Session Title: Pediatric Rheumatology - Clinical and Therapeutic Aspects: Juvenile Idiopathic Arthritis and Other Pediatric Rheumatic Diseases

Session Type: Abstract Submissions (ACR)

Background/Purpose:

It is an ethical requirement for setting up a randomized controlled trial (RCT) that the physician-investigator must have genuine uncertainty about the therapeutic options. This is called equipoise. Ideally patient-participants should also be in equipoise. In pediatric rheumatology, there are no data on whether this uncertainty also consists among parents and patients or if they have a specific preference for a particular treatment strategy.

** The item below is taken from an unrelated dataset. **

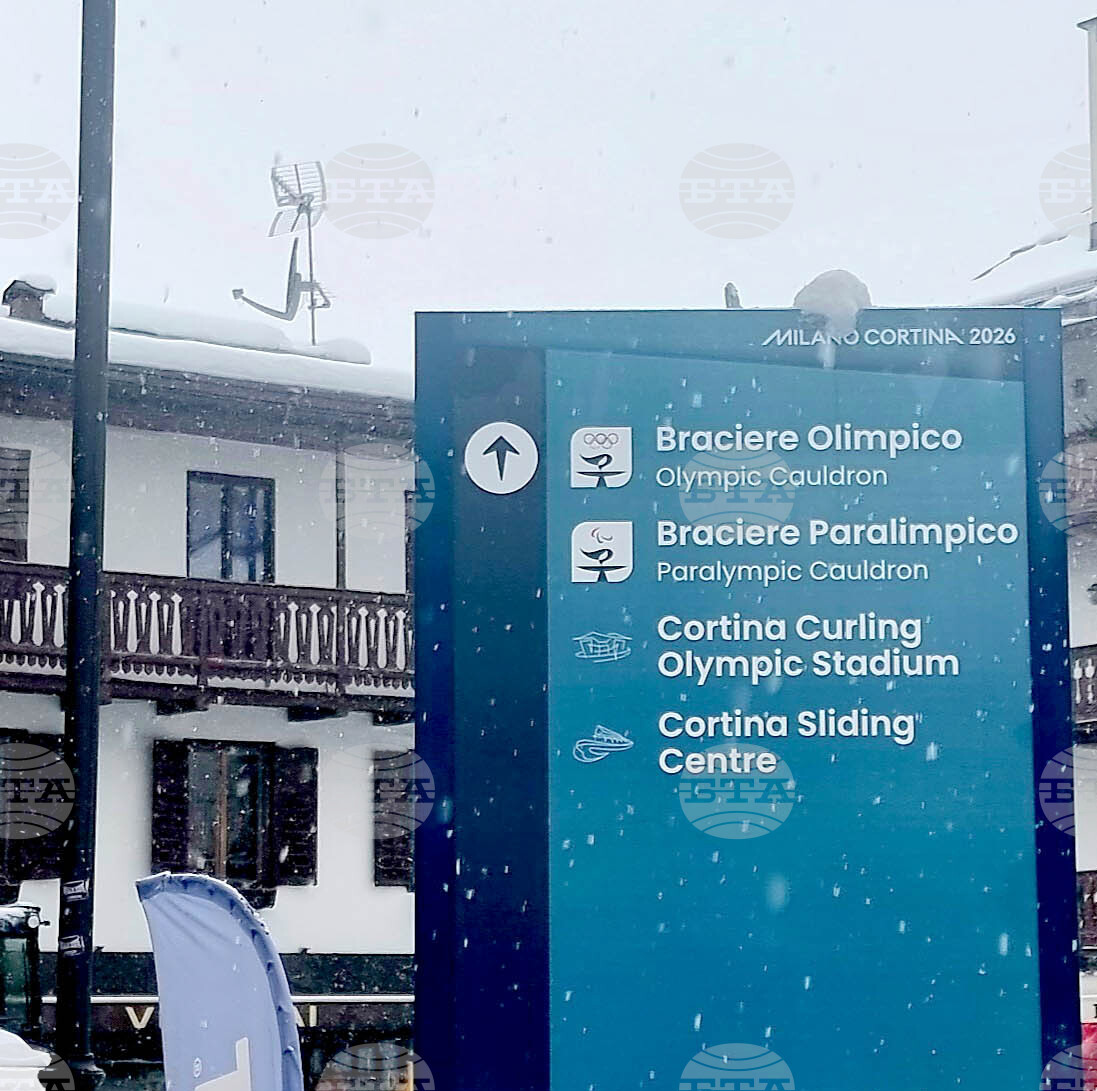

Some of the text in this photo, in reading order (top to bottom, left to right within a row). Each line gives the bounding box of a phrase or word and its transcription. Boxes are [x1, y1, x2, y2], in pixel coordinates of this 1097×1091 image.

We conducted an interview study on the preferences of parents and children and the influence of the informed consent procedure on preferences in the setting of a randomized clinical trial in Juvenile Idiopathic Arthritis patients.

Methods:

Semi-structured interviews with parents (n = 23, 1 father and 22 mothers) and patients aged 12 and older (n = 7) participating in the BeSt for Kids study, a randomized clinical trial with three treatment strategies (arm 1: initial monotherapy with sulfasalazine or methotrexate, arm 2 : initial combination therapy with methotrexate and prednisone and arm 3: initial combination therapy with etanercept and methotrexate) in selected categories of newly diagnosed juvenile idiopathic arthritis patients.                                                                                                                                                 

Results:

All parents had a preference for a particular treatment strategy, 65% had a preference for the combination therapy with etanercept and methotrexate (arm 3). Five parents and two patients participated in the study to have a chance to be initially treated with etanercept, as initial treatment with etanercept in daily practice is currently neither possible nor reimbursed. The preference of parents and patients for arm 3 was based on their idea that etanercept is the best treatment for juvenile arthritis. The parents indicated that these beliefs were mainly based on knowledge they had gained through the internet and from experiences from people in their environment. Four parents had a preference for a non-prednisone arm. Aversion for prednisone was primary due to the fear for side-effects, such as weight gain. According to four parents, the physician-investigator had a preference for arm 3, but the vast majority of parents (n = 19) stated that the physician-investigator had no preferred strategy. Similar results emerged from the interviews with children.                                                  

Conclusion:

A large part of parents and children in the BeSt for Kids study are not in equipoise. In this study this is not caused by an assumed preference of the physician-investigator but by information on the various treatment possibilities obtained from other sources. The question is whether the absence of equipoise in parents and patients indicates that randomization is unethical or that this equipoise is not feasible in medical research.


Disclosure:

P. C. E. Hissink Muller,

Pfizer Inc,

2;

B. Yildiz,
None;

C. F. Allaart,
None;

D. M. C. Brinkman,
None;

M. A. J. Van Rossum,

Pfizer Inc,

9;

J. M. Van den Berg,
None;

L. W. A. Van Suijlekom-Smit,

Pfizer Inc,

2,

Abbott Immunology Pharmaceuticals,

2,

Pfizer Inc,

5,

Pfizer Inc,

9,

Dutch Arthritis Association,

2;

R. Ten Cate,

Pfizer Inc,

2;

M. C. de Vries,
None.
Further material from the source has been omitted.